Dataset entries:
▼

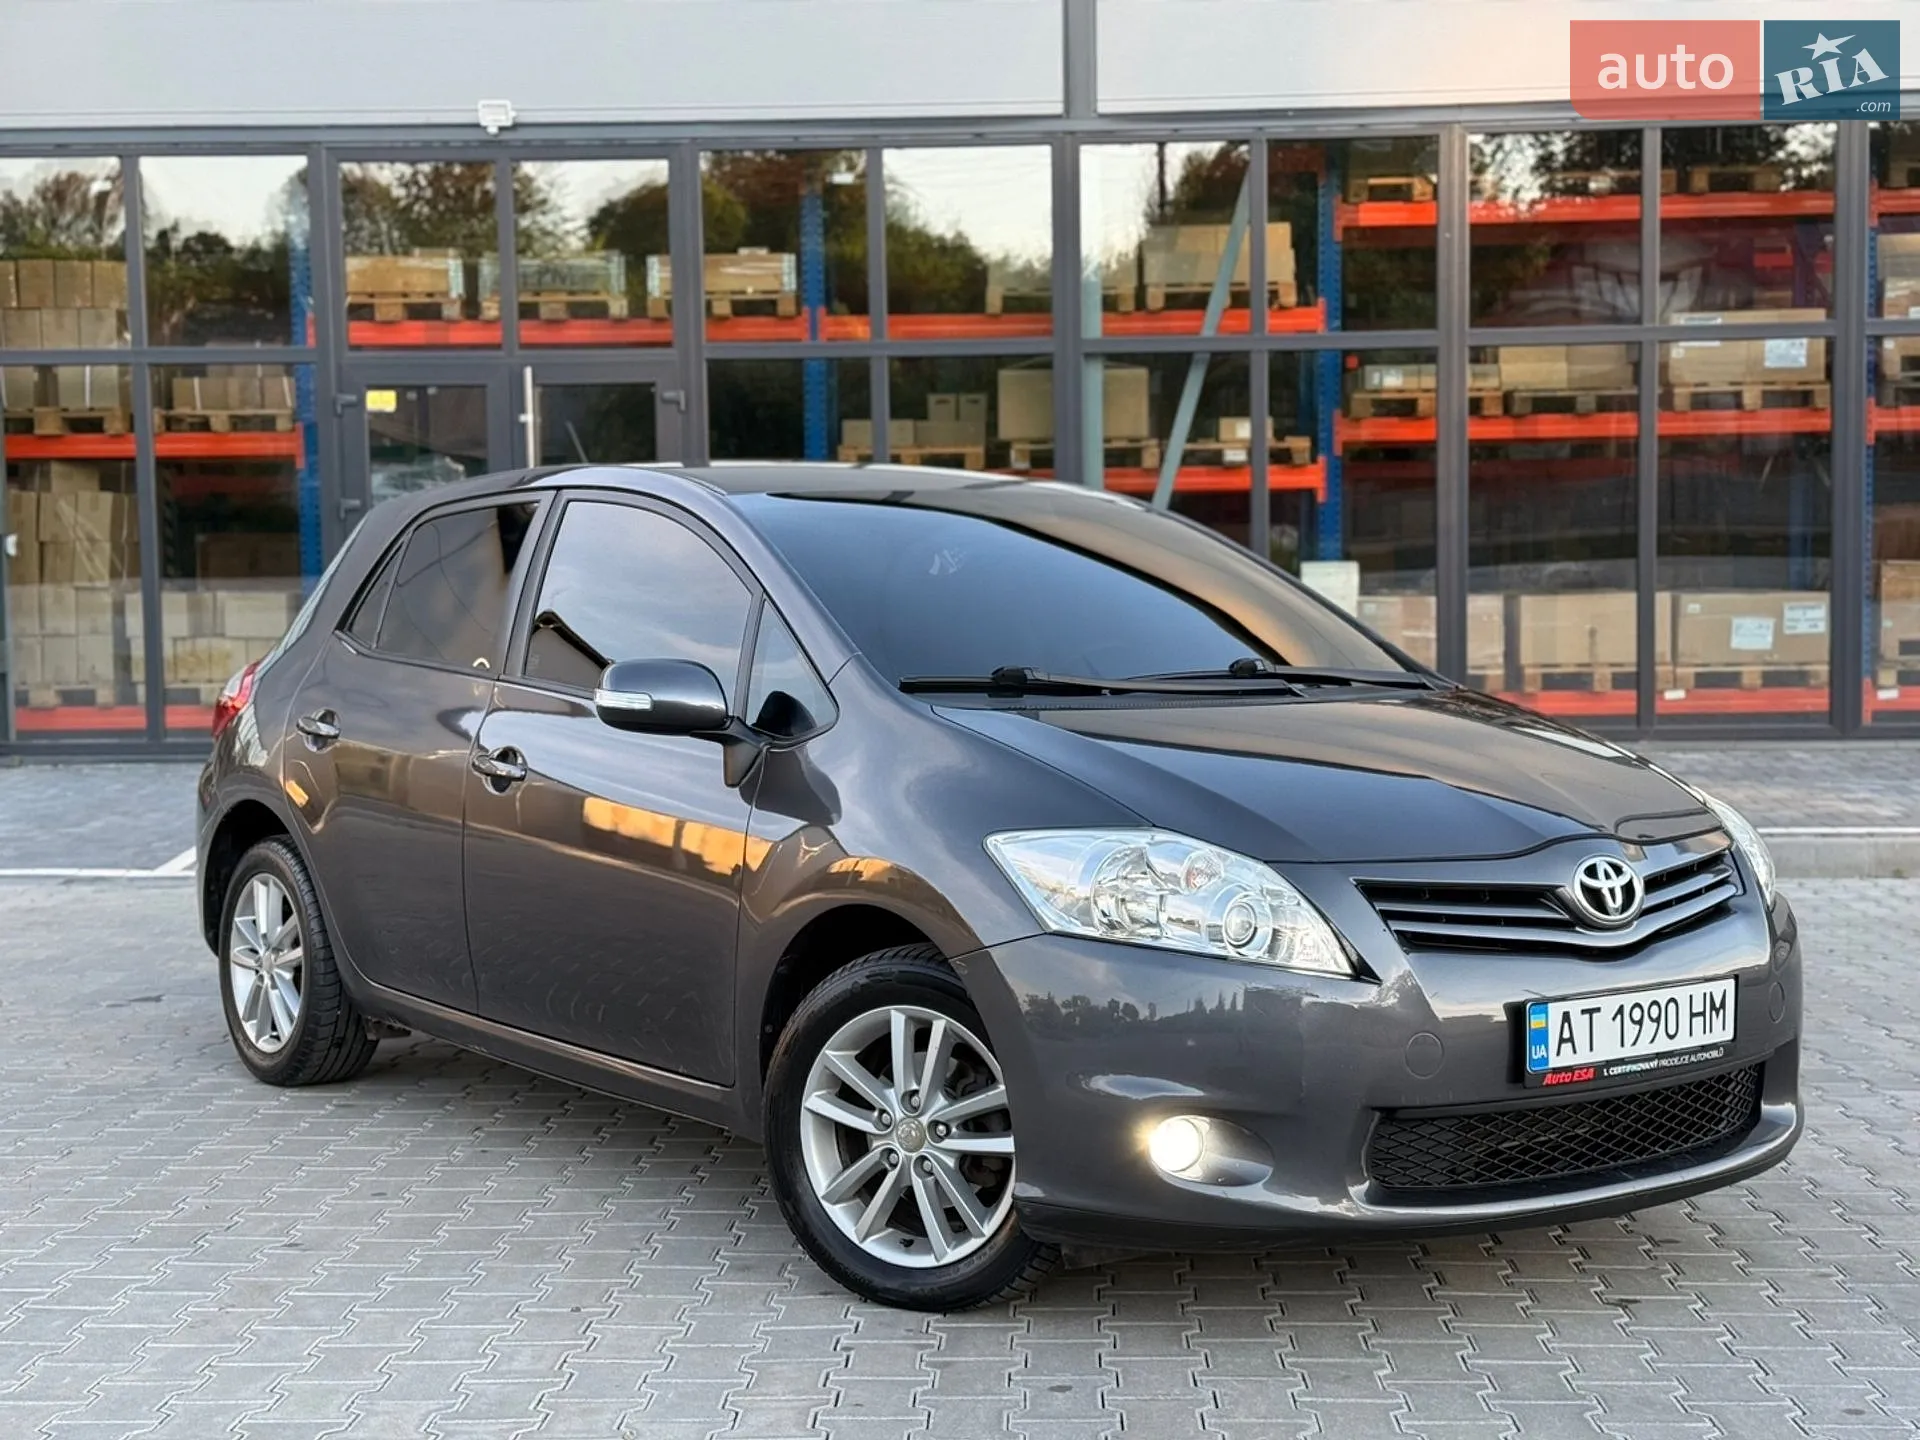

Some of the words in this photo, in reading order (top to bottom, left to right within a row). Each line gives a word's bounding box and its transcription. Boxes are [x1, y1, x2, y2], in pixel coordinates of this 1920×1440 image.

[1556, 1006, 1601, 1057] AT
[1612, 996, 1679, 1048] 1990
[1689, 988, 1727, 1037] HM
[1531, 1044, 1548, 1060] UA
[1572, 1067, 1595, 1082] ESA
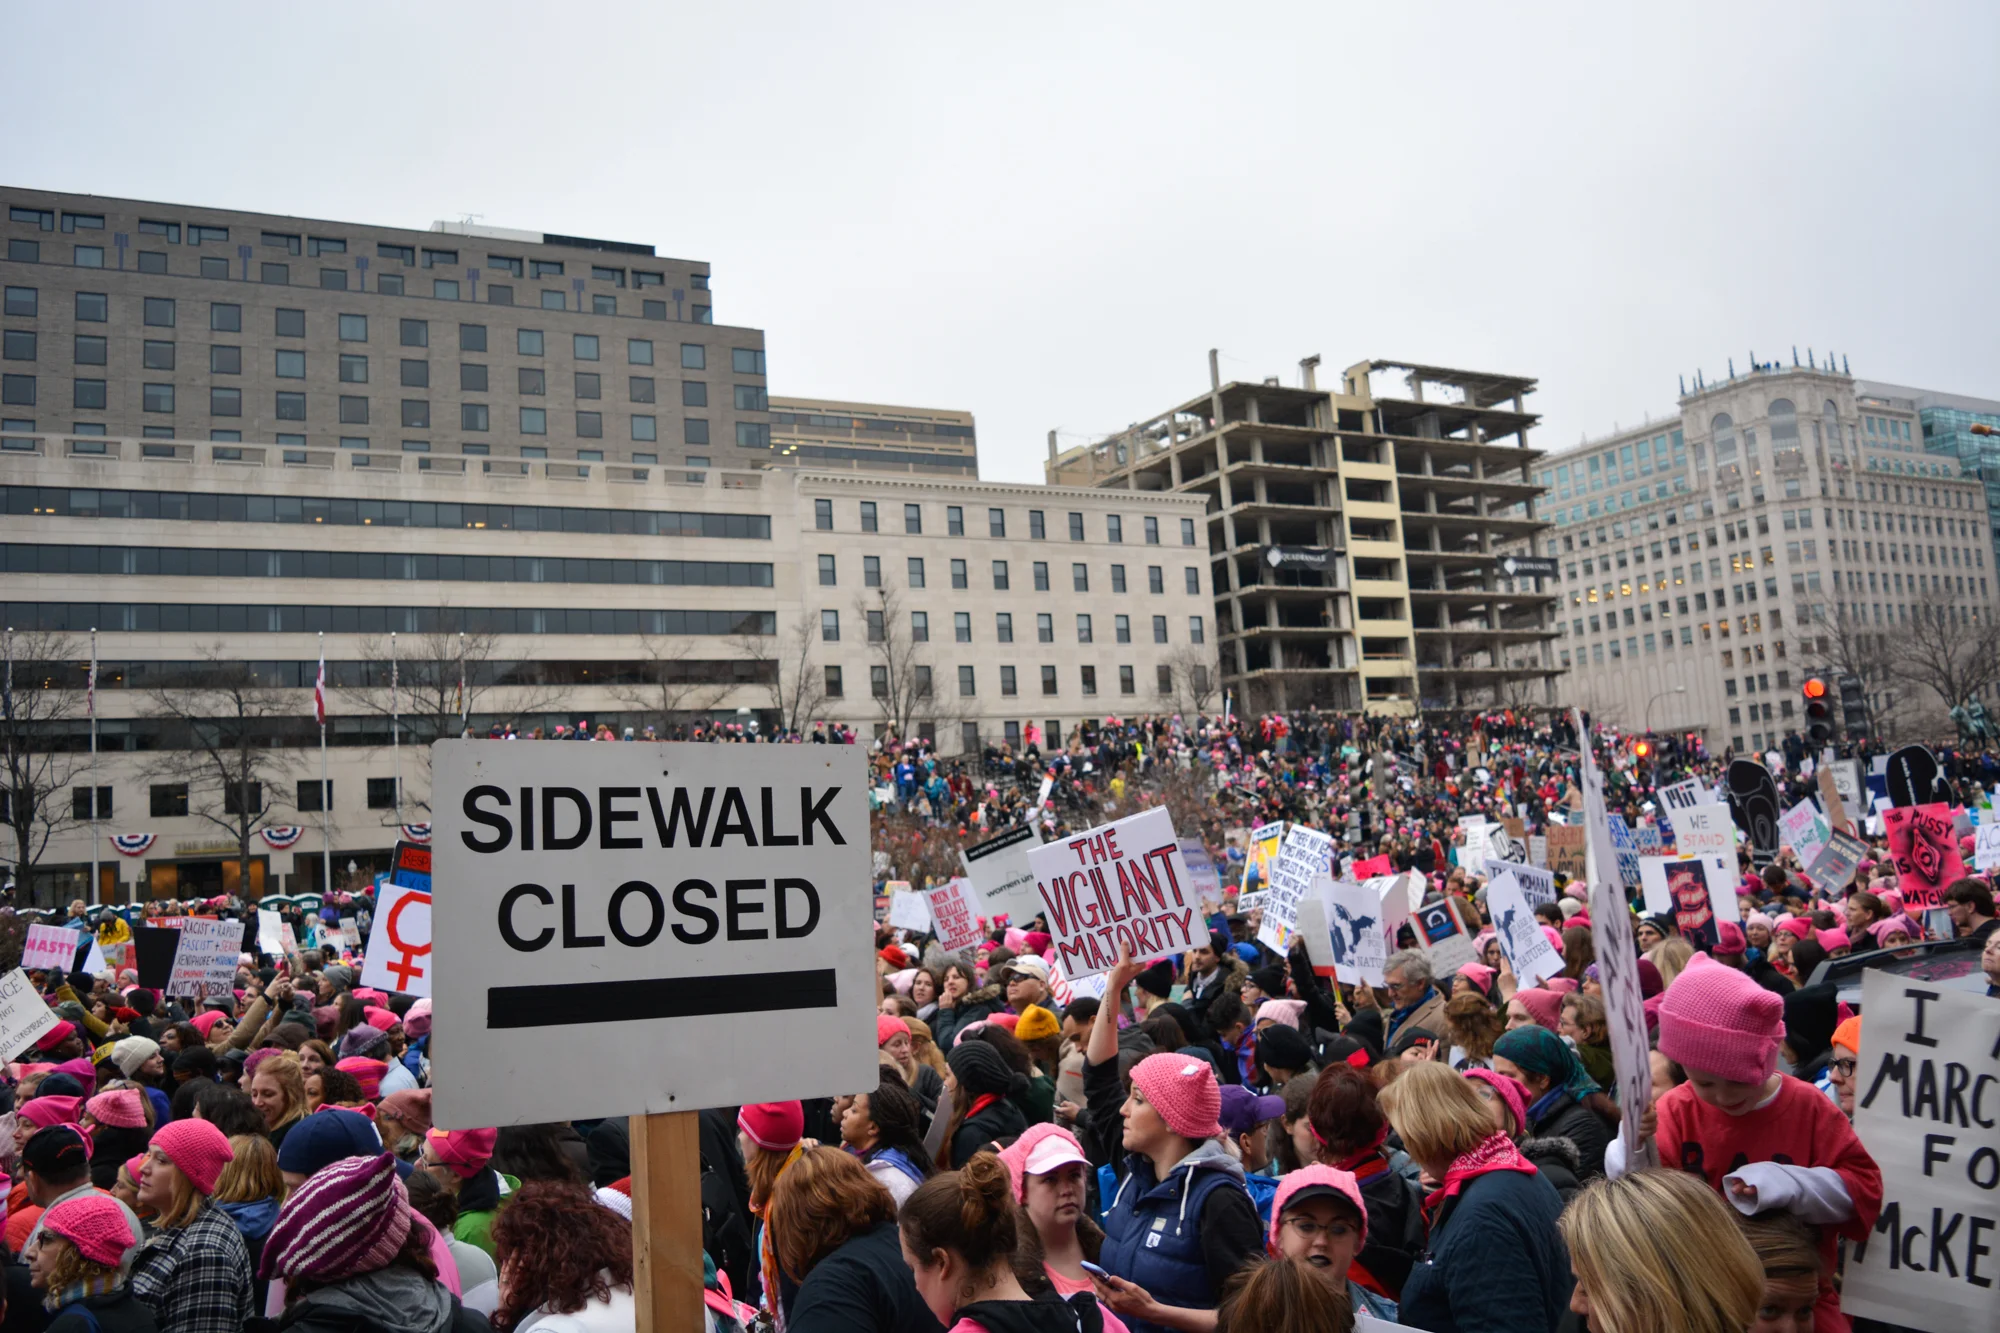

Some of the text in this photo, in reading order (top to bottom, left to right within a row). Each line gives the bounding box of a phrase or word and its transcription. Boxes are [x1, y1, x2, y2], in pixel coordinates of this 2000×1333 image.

[461, 785, 847, 853] SIDEWALK
[1690, 814, 1710, 829] WE
[1911, 809, 1954, 839] PUSSY
[1069, 828, 1123, 865] THE
[1684, 834, 1725, 848] STAND
[1558, 847, 1567, 858] A
[1896, 857, 1911, 876] IS
[929, 889, 950, 905] MEN
[986, 879, 1021, 898] women
[1038, 843, 1184, 937] VIGILANT
[498, 878, 821, 952] CLOSED
[934, 898, 967, 919] QUALITY
[183, 920, 210, 936] RACIST
[216, 924, 241, 938] RAPIST
[939, 910, 970, 930] DO NOT
[947, 923, 971, 939] FEAR
[26, 938, 76, 956] NASTY
[180, 937, 213, 951] FASCIST
[219, 940, 242, 952] SEXIST
[1058, 908, 1192, 975] MAJORITY
[170, 980, 190, 995] NOT
[1904, 988, 1941, 1048] I
[1, 1025, 10, 1035] A
[1923, 1133, 2000, 1190] FO

▲

WHAT THE EXERCISE ASKS: With the line that contains "Some of the text" as the first and the final line of the data as the last, repeat every line in that span exactly.

WRITTEN REPLY:
Some of the text in this photo, in reading order (top to bottom, left to right within a row). Each line gives the bounding box of a phrase or word and its transcription. Boxes are [x1, y1, x2, y2], in pixel coordinates of this 2000×1333 image.

[461, 785, 847, 853] SIDEWALK
[1690, 814, 1710, 829] WE
[1911, 809, 1954, 839] PUSSY
[1069, 828, 1123, 865] THE
[1684, 834, 1725, 848] STAND
[1558, 847, 1567, 858] A
[1896, 857, 1911, 876] IS
[929, 889, 950, 905] MEN
[986, 879, 1021, 898] women
[1038, 843, 1184, 937] VIGILANT
[498, 878, 821, 952] CLOSED
[934, 898, 967, 919] QUALITY
[183, 920, 210, 936] RACIST
[216, 924, 241, 938] RAPIST
[939, 910, 970, 930] DO NOT
[947, 923, 971, 939] FEAR
[26, 938, 76, 956] NASTY
[180, 937, 213, 951] FASCIST
[219, 940, 242, 952] SEXIST
[1058, 908, 1192, 975] MAJORITY
[170, 980, 190, 995] NOT
[1904, 988, 1941, 1048] I
[1, 1025, 10, 1035] A
[1923, 1133, 2000, 1190] FO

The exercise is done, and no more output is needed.